Independent Hotel Show Amsterdam to return in 2020

730 565 Hamish Kilburn
Independent Hotel Show Amsterdam to return in 2020

The Independent Hotel Show Amsterdam, which debuted last month for the first time outside London, has announced that it will return to the Amsterdam next year on March 17 – 18… 

The Independent Hotel Show Amsterdam, of which Hotel Designs was an official media partner for, has announced that it will return to ‘The Dam’ next year. More than 2,200 hoteliers designers and architects visited the inaugural edition of the the show in Amsterdam to be inspired and informed about the current trends in the hotel industry.

In addition showcasing the latest products and services through its 120 carefully curated exhibitors and providing ample networking opportunities, the innovative event at RAI Amsterdam on May 8 – 9, provided a hotbed of new ideas with the very latest trends presented and covered across multiple touchpoints at the show.

“As this was the first edition in continental Europe, we had no idea what to expect, but the experience the past two days has exceeded expectations,” said Portfolio Director, Miranda Martin. “It was a delight to meet such a great collection of progressive and enthusiastic hospitality professionals and we look forward to welcoming everyone back to the 2020 edition in March!”

A Vision of the Future

The Hotel Vision Stage, the central education stage at the show saw hoteliers, trend forecasters and CEOs share their visions for the future of the hotel industry.

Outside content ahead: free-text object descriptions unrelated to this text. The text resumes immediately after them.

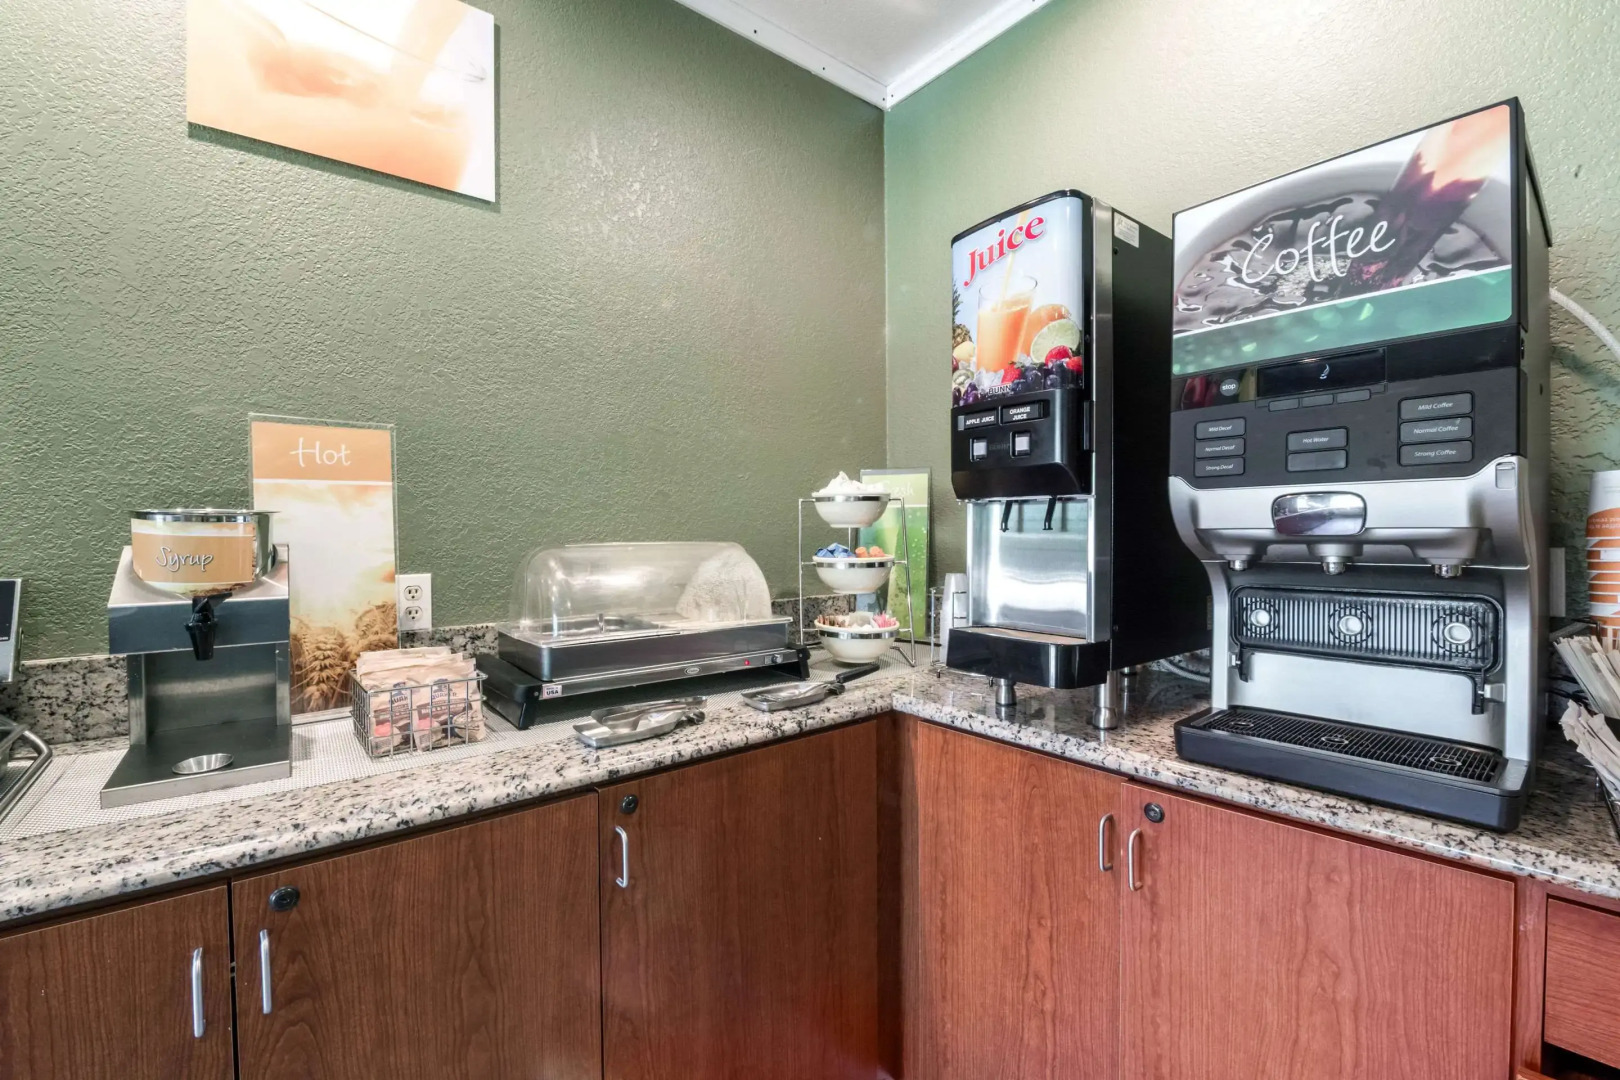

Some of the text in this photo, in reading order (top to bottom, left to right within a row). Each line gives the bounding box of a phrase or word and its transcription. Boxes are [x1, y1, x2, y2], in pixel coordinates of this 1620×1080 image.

[963, 215, 1046, 287] Juice
[1241, 214, 1396, 283] Coffee
[988, 384, 1011, 395] BUNN
[1221, 383, 1236, 391] stop
[1009, 406, 1031, 414] ORANGE
[289, 437, 351, 468] Hot
[155, 545, 214, 573] Syrup

During a well-attended session, Dutch trend-watcher Vincent van Dijk shared a glimpse into the Hotel Room of the Future and presented the 10 important hotel trends for 2019:

  • Never wait at a counter again – checking in online or via an app is the new thing. And you’ll open your room via the smart key on your phone too. Easy does it!
  • The automation of in-room service is only going to get more popular, whether it’s simply closing the curtains or requesting the coffee machine prepare a cappuccino, everything will be managed via tablets and technology.
  • Tailored service based on big data is what it’s all about as every guest is unique!
  • Despite all the technology, personal communication remains important. If this isn’t via face-to-face interaction, consider instead a chat program that allows the guest to communicate with the hotel from the room.
  • Due to a lack of space, furniture will become increasingly flexible. For example, a coffee table that quickly becomes a desk where you can work on, or a TV which automatically becomes a mirror as you get closer.
  • Introduction of voice-controlled equipment in hotel rooms. “Hey Google, set air conditioning to 19 degrees!”
  • Shower toilets, as we already see them a lot in Asia, will become the new hygienic standard.
  • Due to air pollution in large cities, there will be an increasing need for systems that can provide clean air.
  • Eco-friendly and health conscious housekeeping without the use of chemical agents – healthy for employees and guests.
  • Green is the new gold! Key words for the hoteliers to keep in mind for the future are sustainability, low waste and water reuse.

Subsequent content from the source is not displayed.